When asked by The Poly about the decisions regarding densification, Grand Marshal Advaith Narayan ’21 responded that with the increased risk due to sophomores returning and the spiking cases he “understands why [the policy for housing] off-campus is required to be the same” as it is known to work. However, he is conflicted because a “benefit to one cohort of students is made in the absence of a possible mutual benefit to another cohort.”

Greek houses will continue to stay closed for the Spring semester. In an email to The Poly, Interfraternity Council President Chris Vanderloo ’21 commented that this closure “will severely hurt chapters financially, who are struggling to keep up with fixed costs that can sometimes exceed $70k.”

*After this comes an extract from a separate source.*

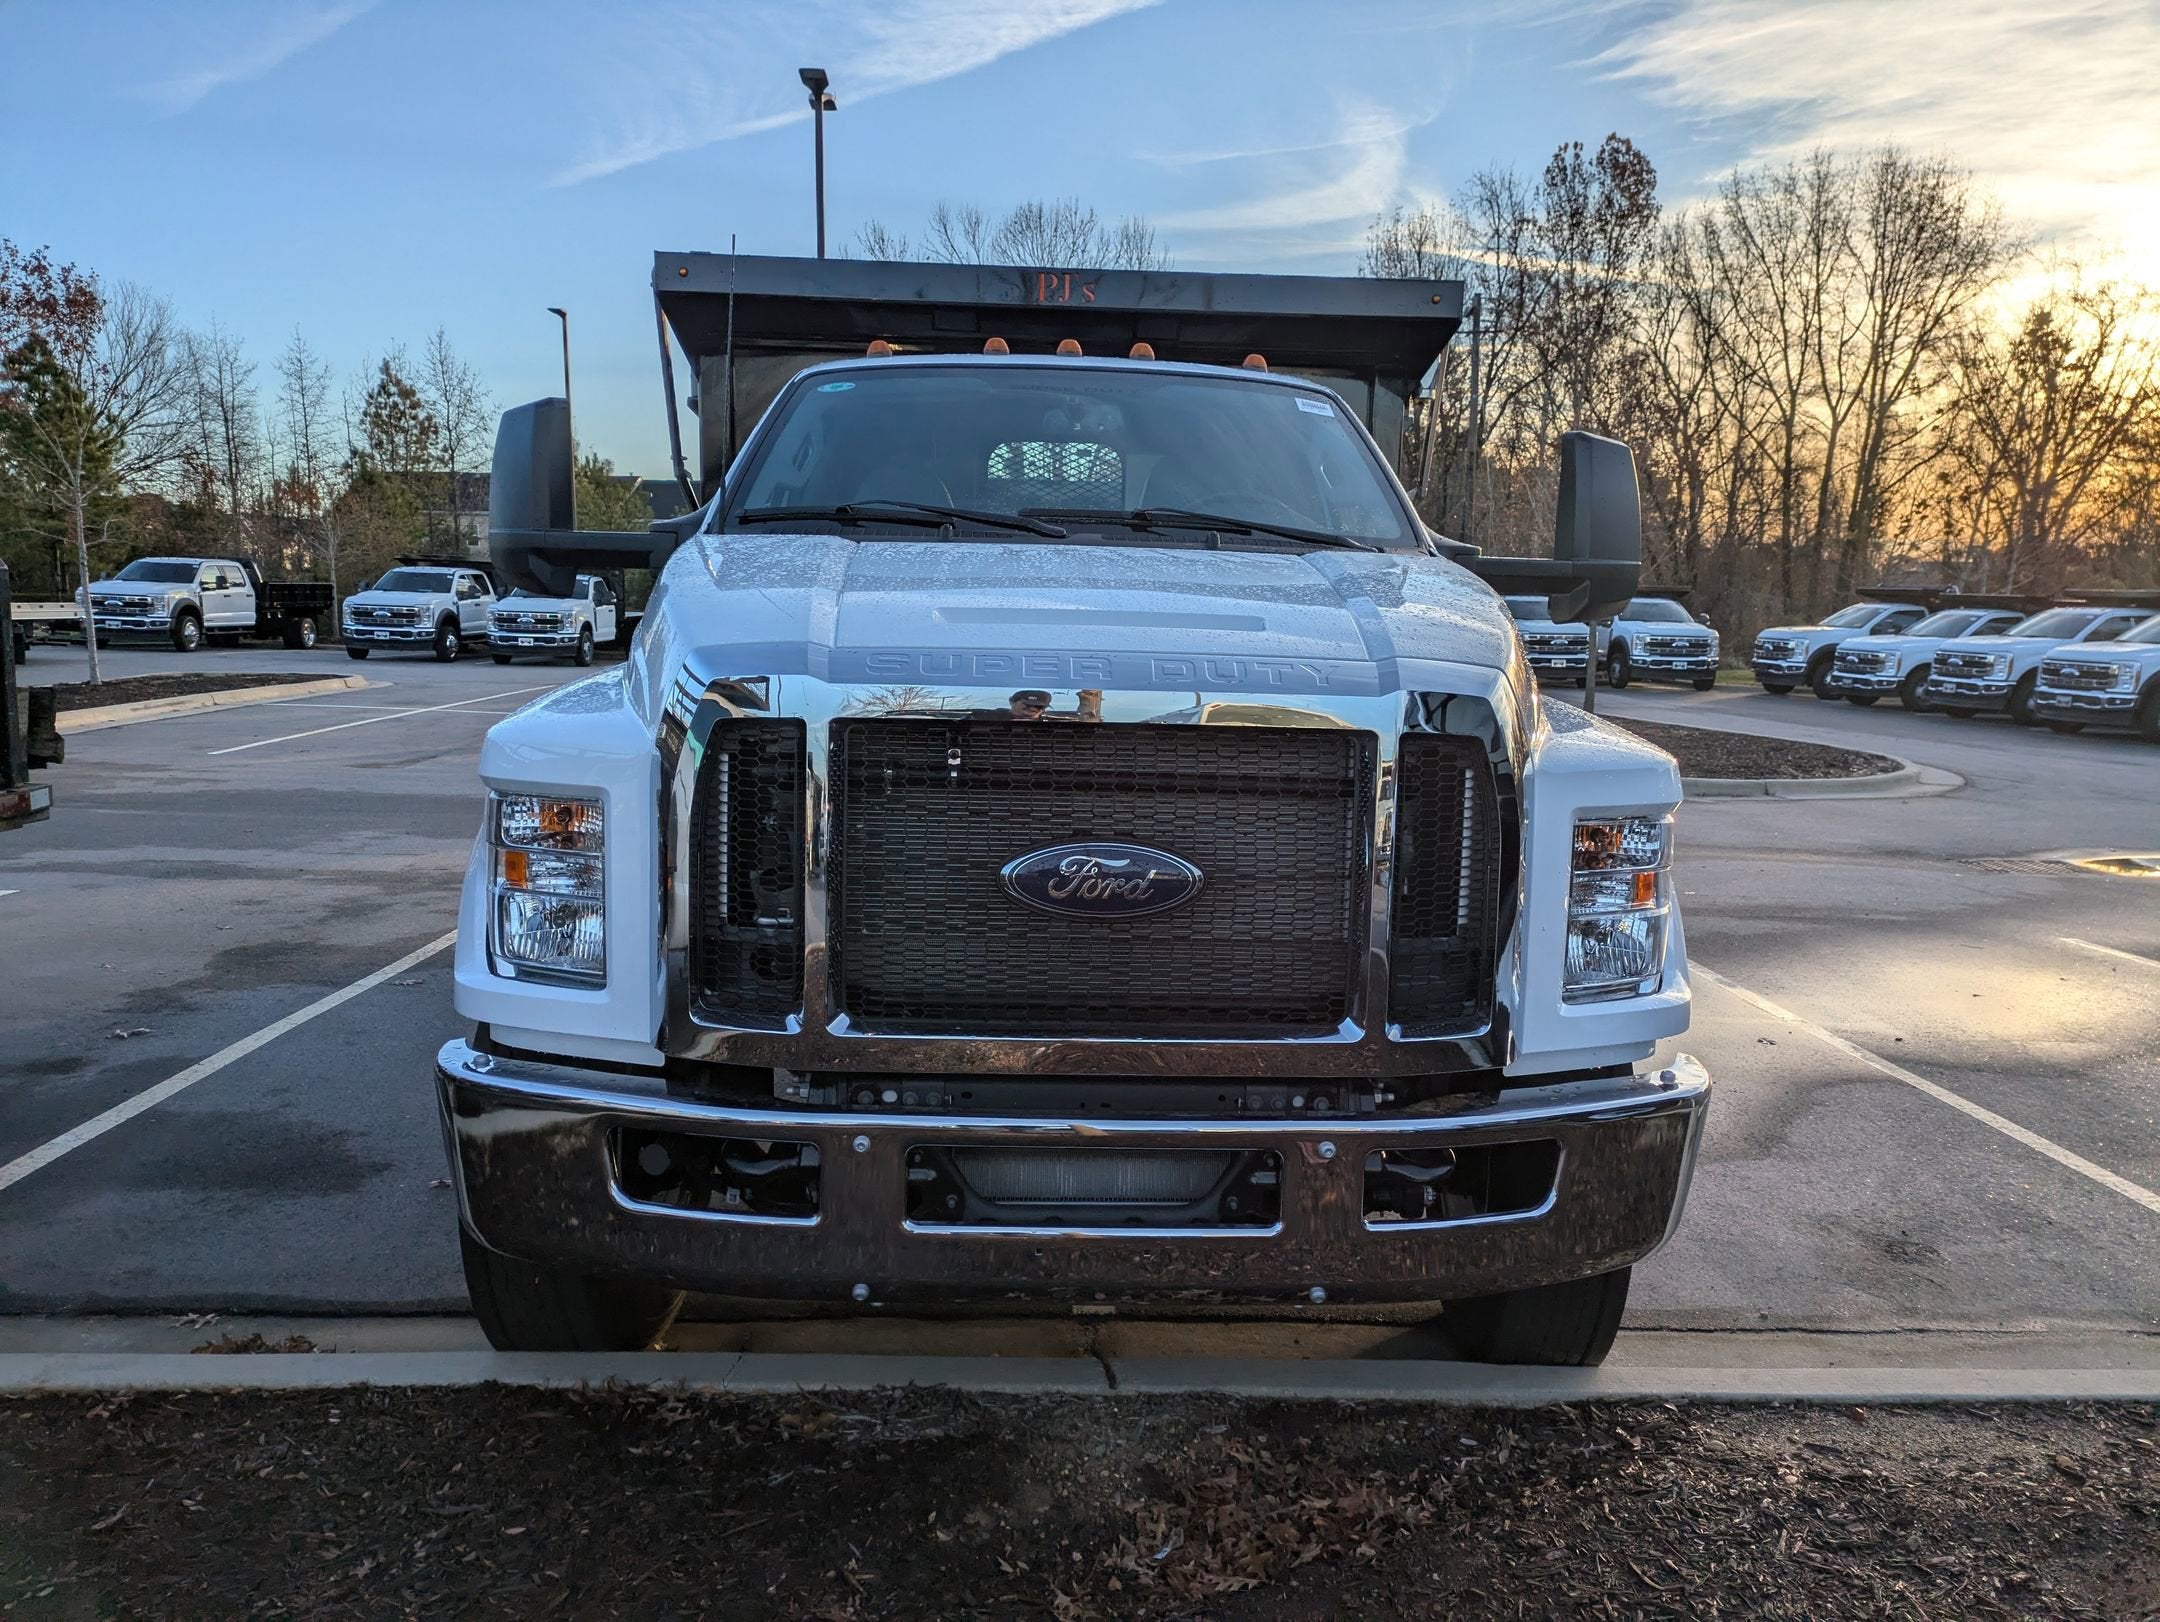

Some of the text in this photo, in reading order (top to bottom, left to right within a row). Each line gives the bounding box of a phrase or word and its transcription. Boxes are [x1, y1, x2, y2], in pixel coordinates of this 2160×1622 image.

[865, 652, 1342, 687] SUPER DUTY
[1048, 855, 1157, 899] Ford

He further added: “These Greek facilities will continue to go unused, while students will still need to find alternative arrangements in apartments, which is tolerated by the administration even while being set at a lower standard (and with much less oversight) than Greek life. The density standards being applied to all of Greek life isn't precise, either—many chapters have enough bathrooms to tolerate at least a few live-ins, at the same standard any other apartment is held to. So why every house has been asked to remain closed is beyond me.”

Jackson also announced that there will be no winter sports competitions, including both men's and women’s ice hockey. This information follows a statement released yesterday saying that men’s and women’s hockey will not compete during the 2020-21 academic year. Associate Vice President and Director of Athletics Dr. Lee MeElroy said “It was a very difficult decision, and we share with our student-athletes and their families the disappointment and uncertainty that comes with this news.” The decision to cancel Division III sports comes after an announcement from the Liberty League on November 9 saying that the league voted to cancel winter sports competition. However, that decision did not prevent schools from engaging in other competitions within the D-III regulations. There was no information if spring sports will be allowed.